#### [Task objective]
Send each entry back exactly as given, pictures excluded.

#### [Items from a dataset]

::::

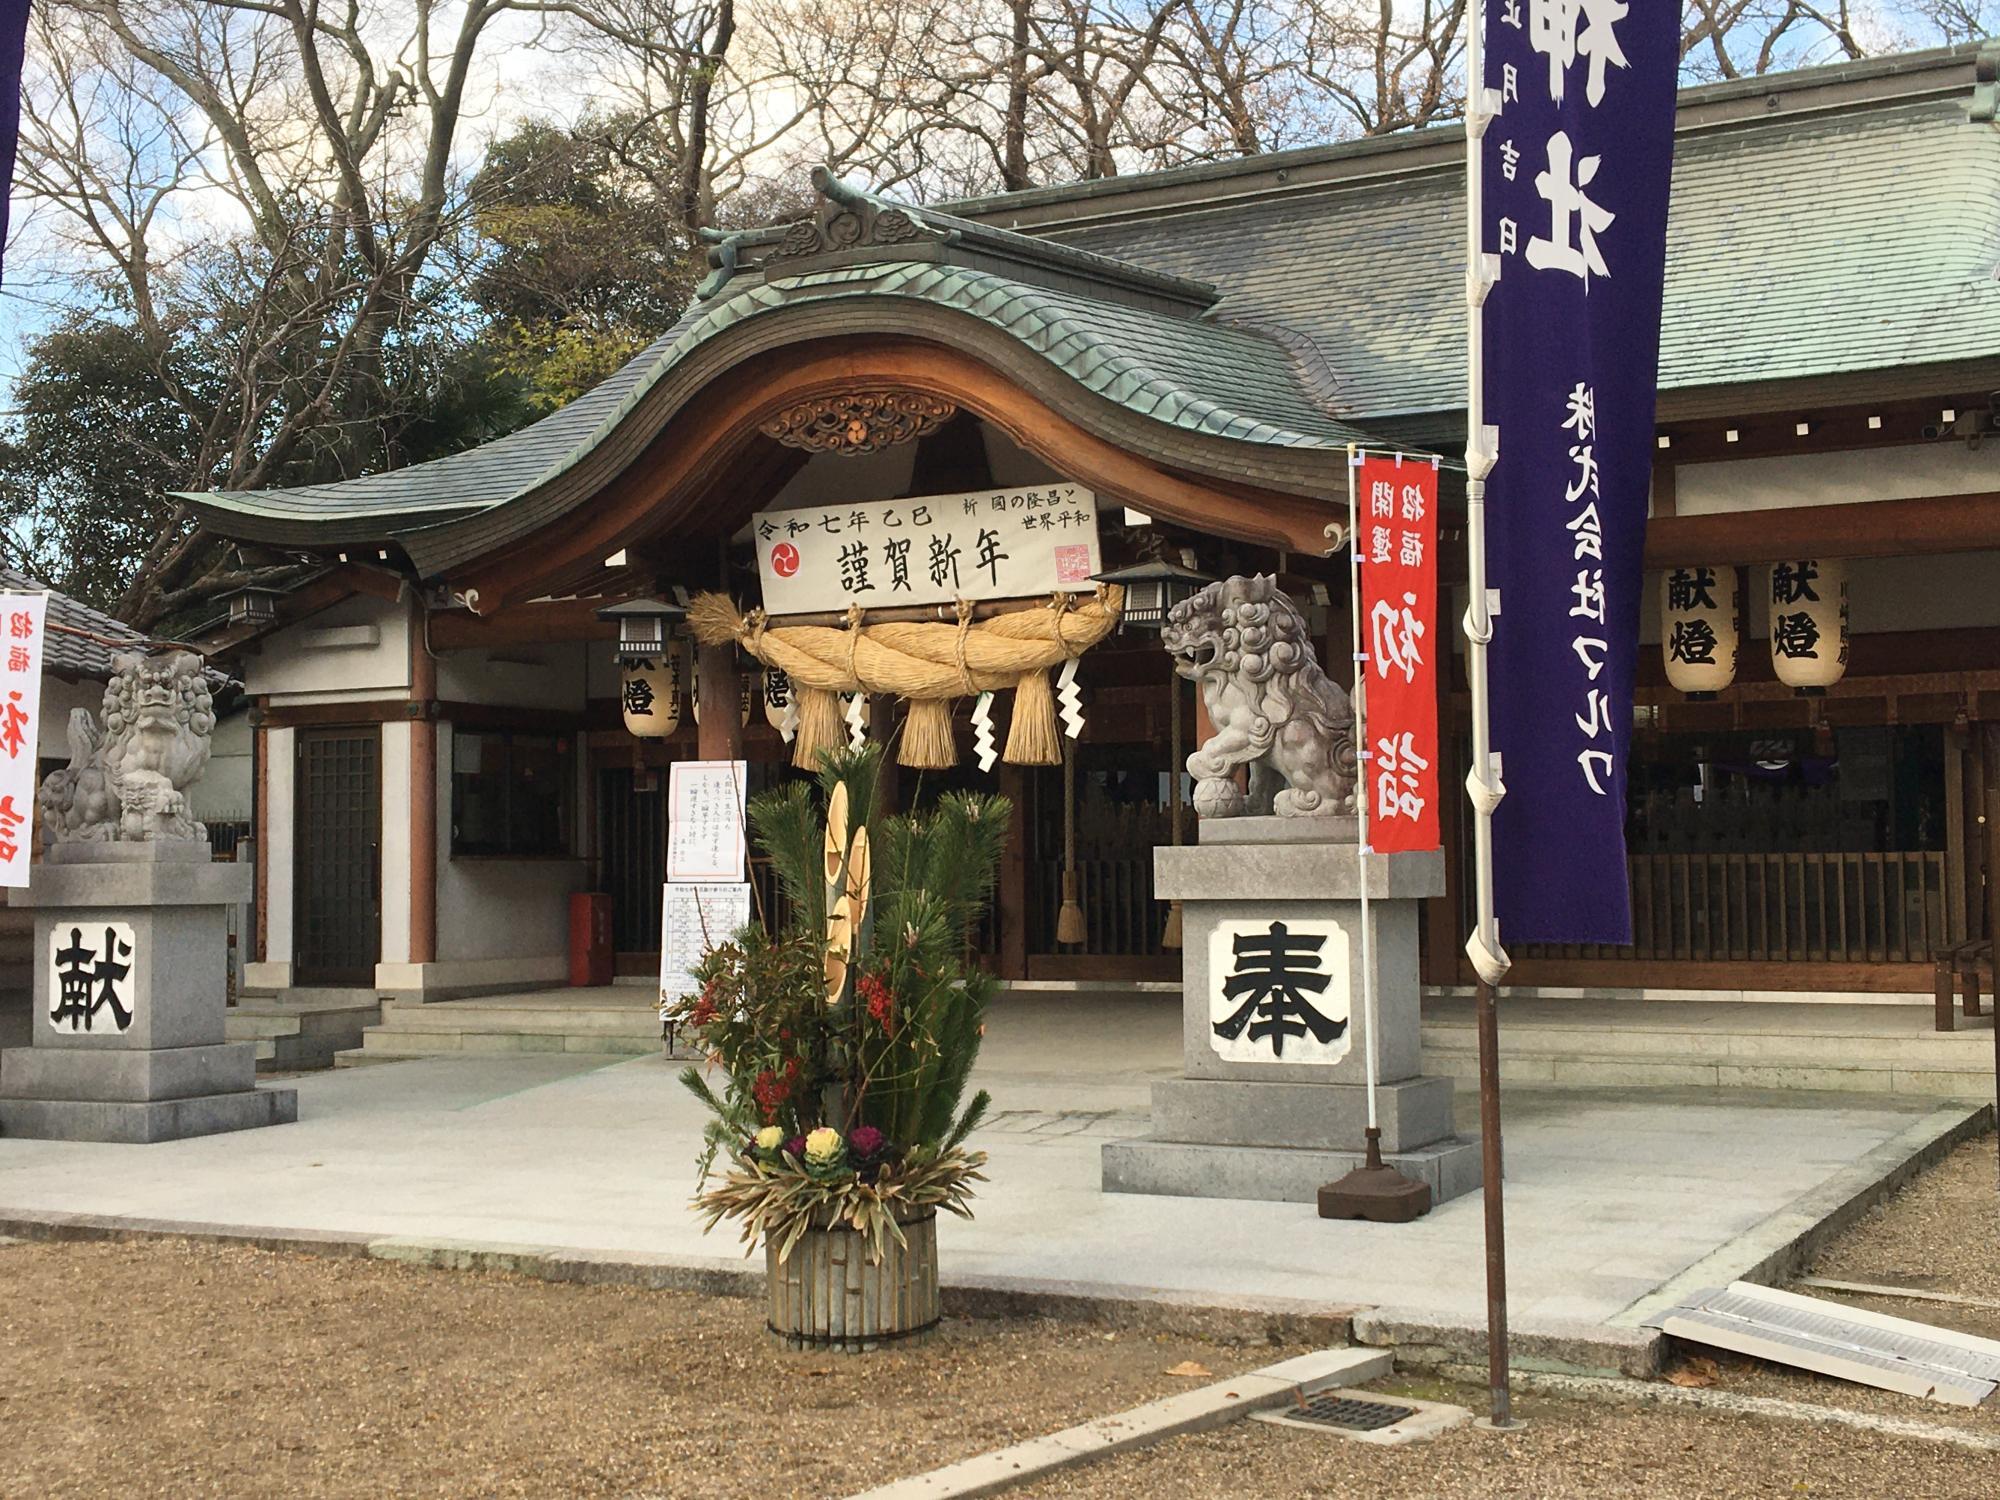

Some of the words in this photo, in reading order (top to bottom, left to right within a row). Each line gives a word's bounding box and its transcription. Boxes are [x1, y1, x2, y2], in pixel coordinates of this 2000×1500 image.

[836, 528, 1009, 595] 謹賀新年
[1021, 510, 1091, 533] 世界平和
[50, 926, 133, 1031] 献
[1212, 920, 1348, 1058] 奉
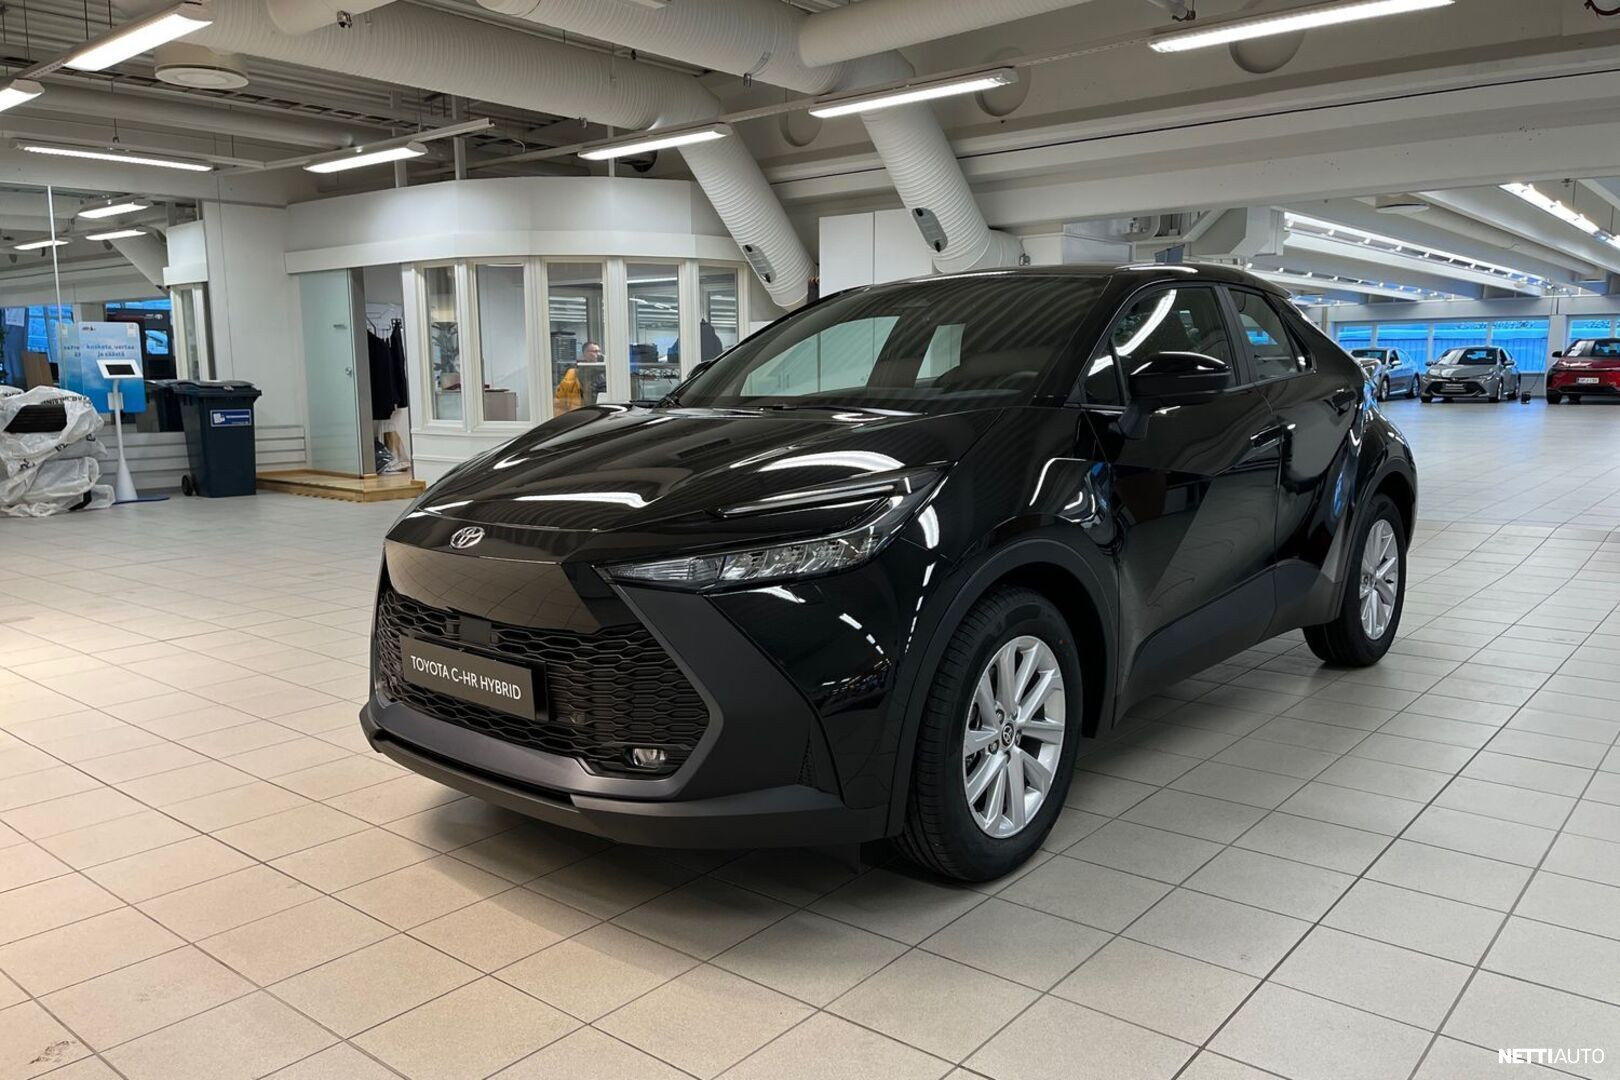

::::

#### [Answer space]
Some of the words in this photo, in reading order (top to bottom, left to right within a row). Each line gives a word's bounding box and its transcription. Boxes are [x1, y1, x2, y2], in pixel coordinates of this 2000×1500 image.

[836, 528, 1009, 595] 謹賀新年
[1021, 510, 1091, 533] 世界平和
[50, 926, 133, 1031] 献
[1212, 920, 1348, 1058] 奉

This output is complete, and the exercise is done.